Leaving Apple’s Nursing Home
This series is about replacing a MacBook Air with an equally beautiful Freedom Software laptop. It is also about setting up a Freedom Software laptop for the kind of user who wants it to Just Work with the least possible involvement and no interest in how it works.
Part 1 of this series was about the rationale and the hardware.
Part 2 of this series was about choosing and configuring the software.
Part 3: Data Recovery
First I would recover all the generic user files. Most of the documents are in portable formats such a text or PDF or Open Document Format (used with NeoOffice on the Mac, LibreOffice or OpenOffice on the new computer)
After that, I wanted to recover some important data from specific Mac apps:
- Photos from iPhoto / Apple Photos
- email from Apple Mail
- references from Zotero
- bookmarks from Safari
(Ordered from most to least important.)
Restore Data from TimeMachine or from SSD?

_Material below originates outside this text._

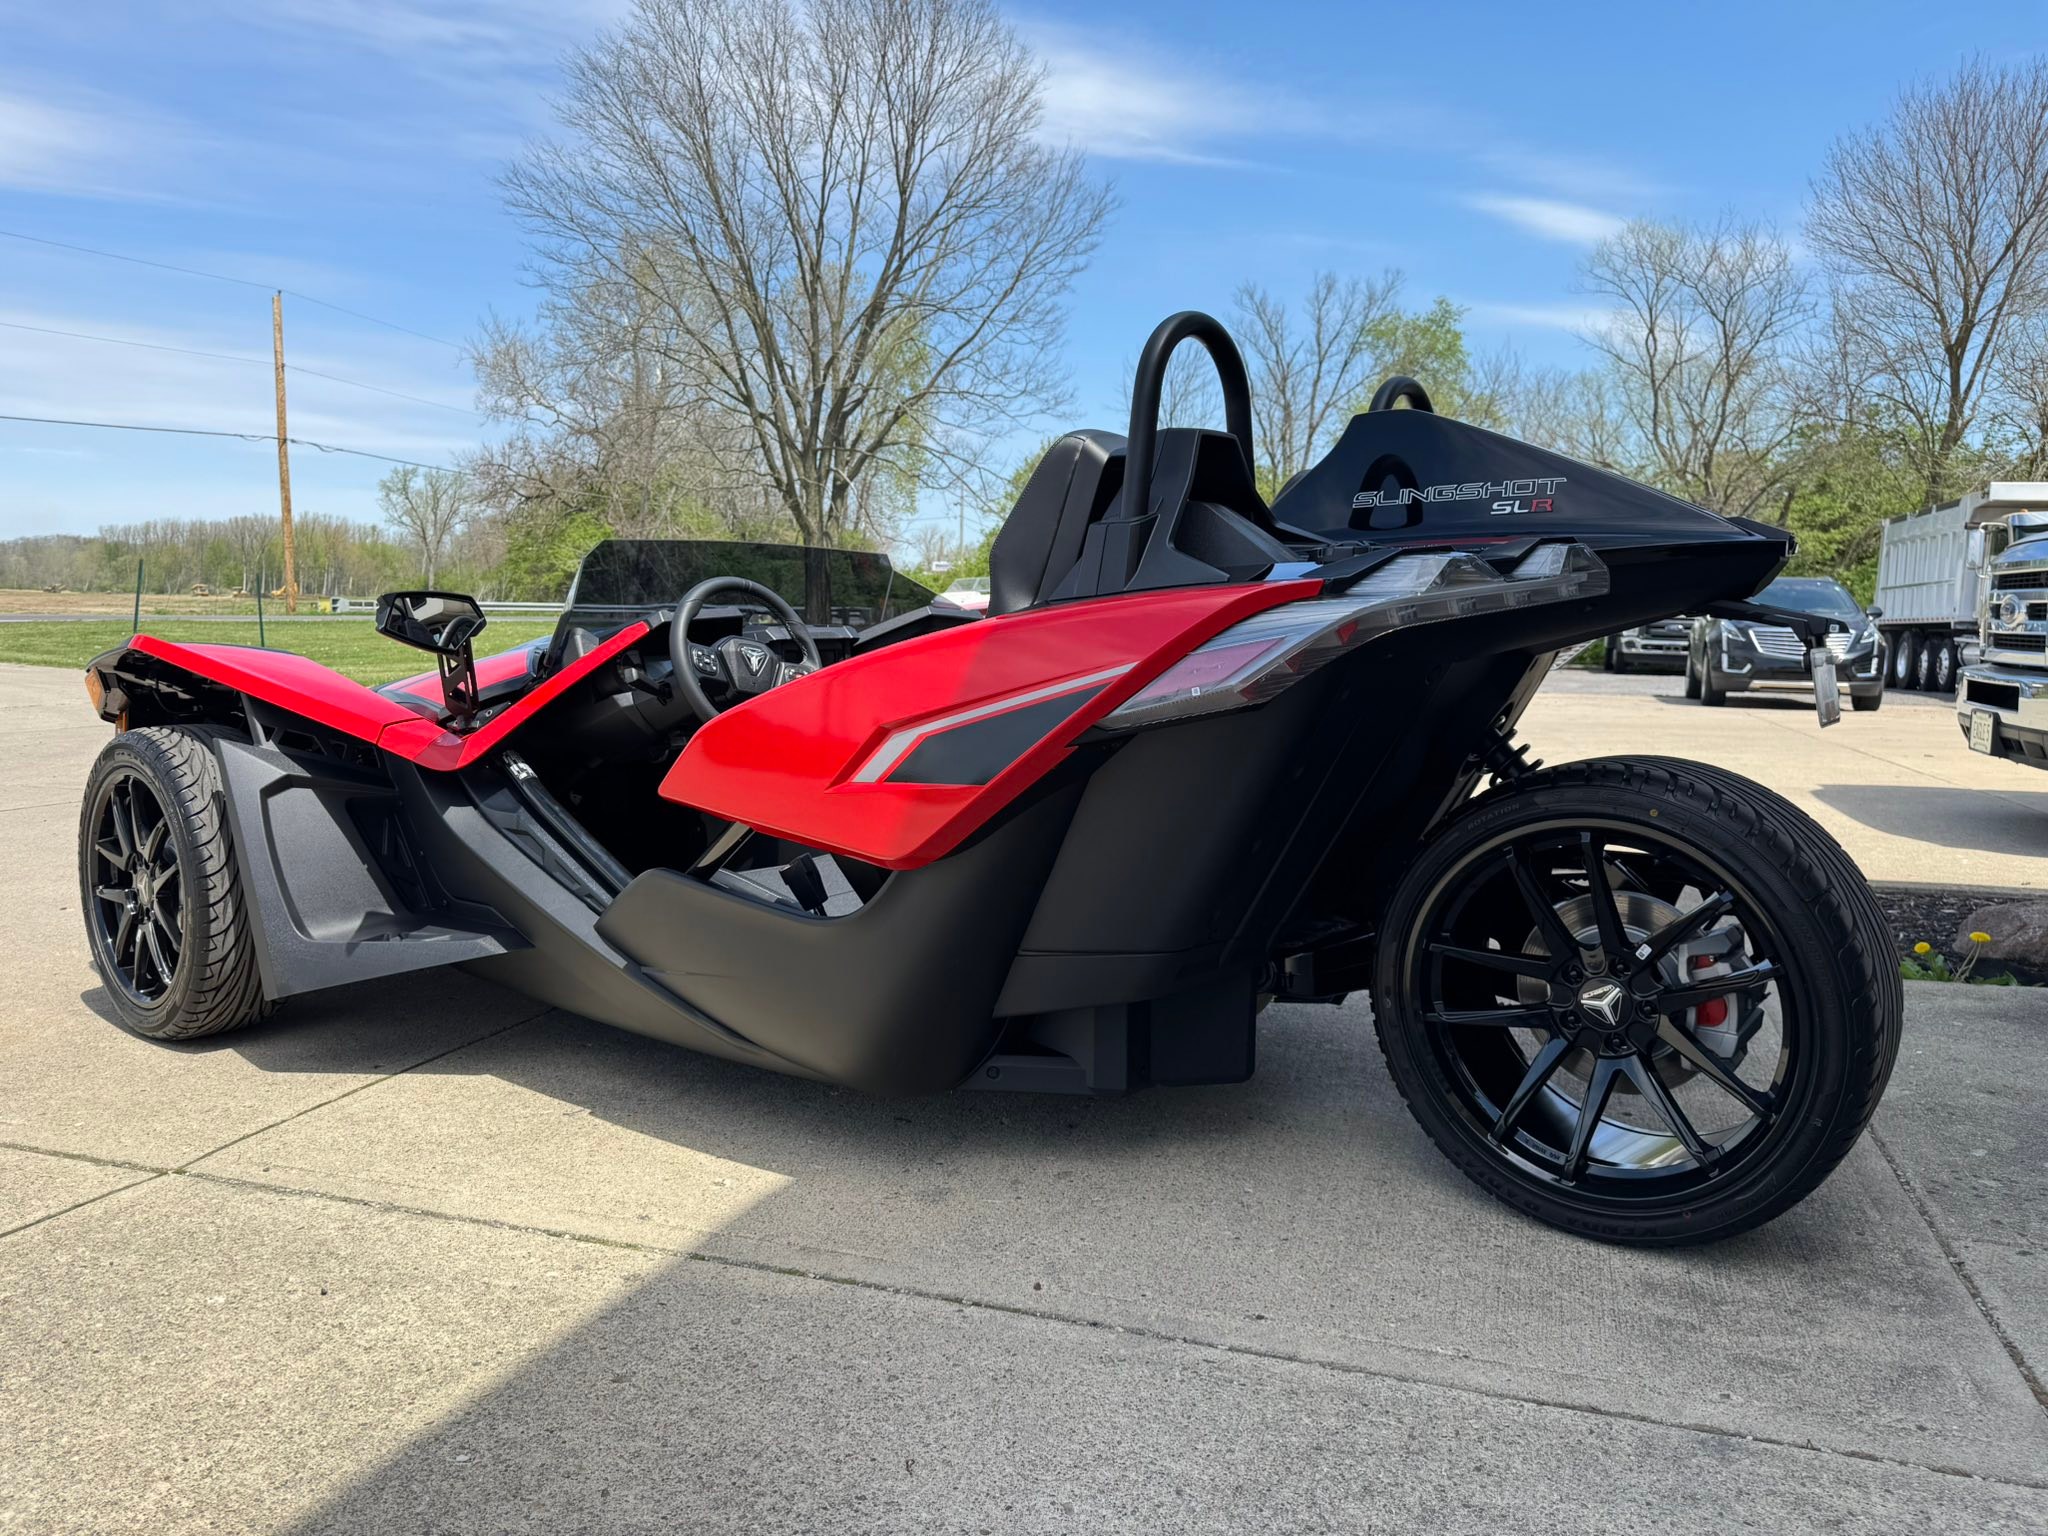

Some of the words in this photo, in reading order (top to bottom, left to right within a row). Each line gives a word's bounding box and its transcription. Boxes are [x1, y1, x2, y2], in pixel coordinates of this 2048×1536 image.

[1352, 477, 1567, 509] SLINGSHOT
[1490, 498, 1553, 515] SLR
[1467, 803, 1520, 831] ROTATION

- from a TimeMachine backup: put together a software solution, copy data off it
- from the Mac’s SSD: extract the SSD from the Mac, buy a special adapter, copy data off it
From a TimeMachine backup
There was a recent TimeMachine backup, stored on our NAS. As I don’t have a working Mac to run TimeMachine on, I searched for Linux software able to read it. My searches led to using sparsebundlefs plus tmfs to mount the backup as a directory tree. It took me quite some attempts at fighting the permissions system, especially the way that FUSE filesystems deal with permissions, until I could see a list of top level folders, one per snapshot, with one named “Latest” pointing at the latest snapshot. Inside there was apparently a complete snapshot of the Mac’s disk filesystem.

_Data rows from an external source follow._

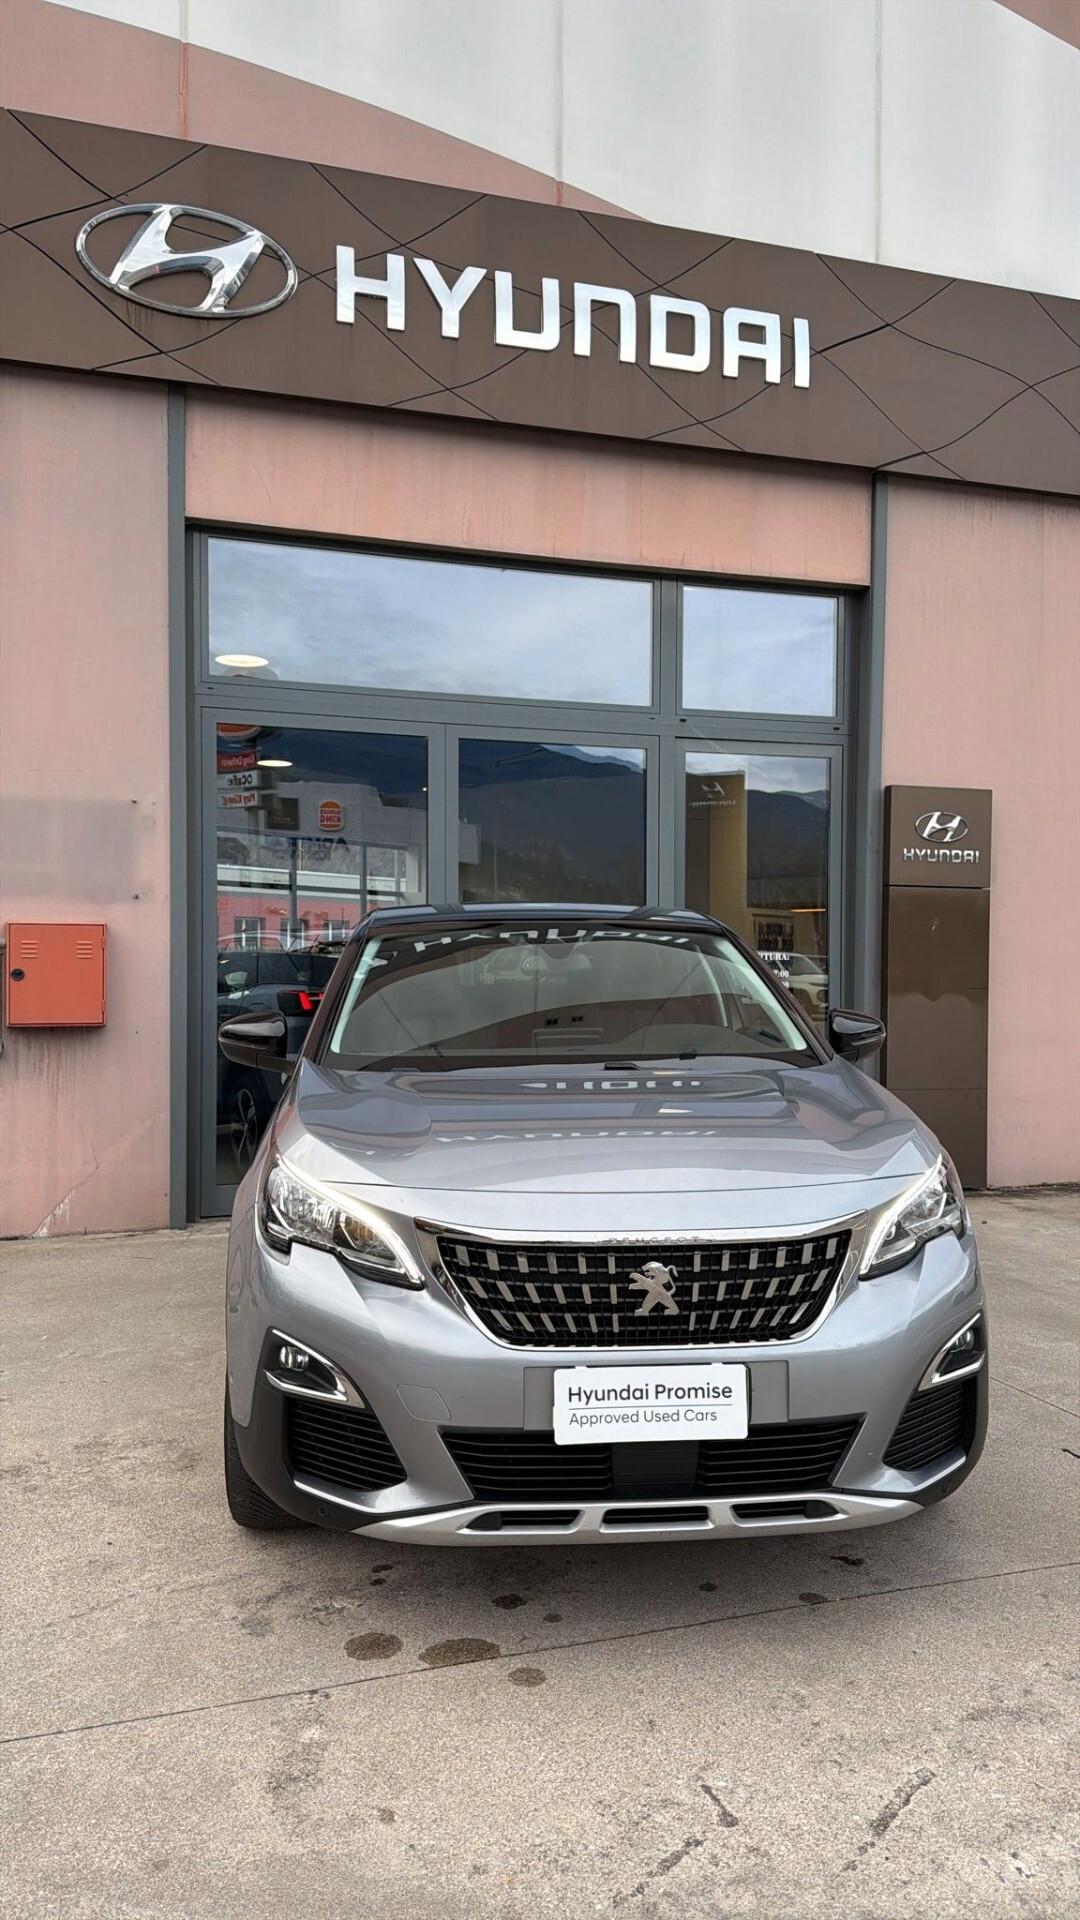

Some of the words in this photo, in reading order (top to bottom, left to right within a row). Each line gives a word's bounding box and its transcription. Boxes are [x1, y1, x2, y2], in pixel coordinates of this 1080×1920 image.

[336, 244, 811, 389] HYUNDAI
[903, 848, 980, 863] HYUNDAI
[568, 1384, 649, 1405] Hyundai
[655, 1382, 733, 1400] Promise
[569, 1410, 640, 1427] Approved
[644, 1410, 680, 1423] Used
[683, 1409, 718, 1422] Cars

The TimeMachine backup was not encrypted. While the connection from the TimeMachine app to its storage folder on the NAS had required a password, the data inside was not encrypted. (By comparison, some backup systems such as Borg encrypt data on the client side before sending it to the server, so that only the data’s owner can decrypt and read it.)
The sparsebundlefs + tmfs software appeared to have given access to all the files. When I started copying them, however, two issues arose. First, the extraction speed was initially terrible, 0.2 MB/s, when the extractor was running on one machine, with sparsebundlefs remotely accessing the NAS TimeMachine storage through SSHFS, and rsync’ing its output over to the new machine. I suspected the main problem was random access to the NAS’s moderately slow spinning disk, and the secondary problem may be the SSHFS access to it.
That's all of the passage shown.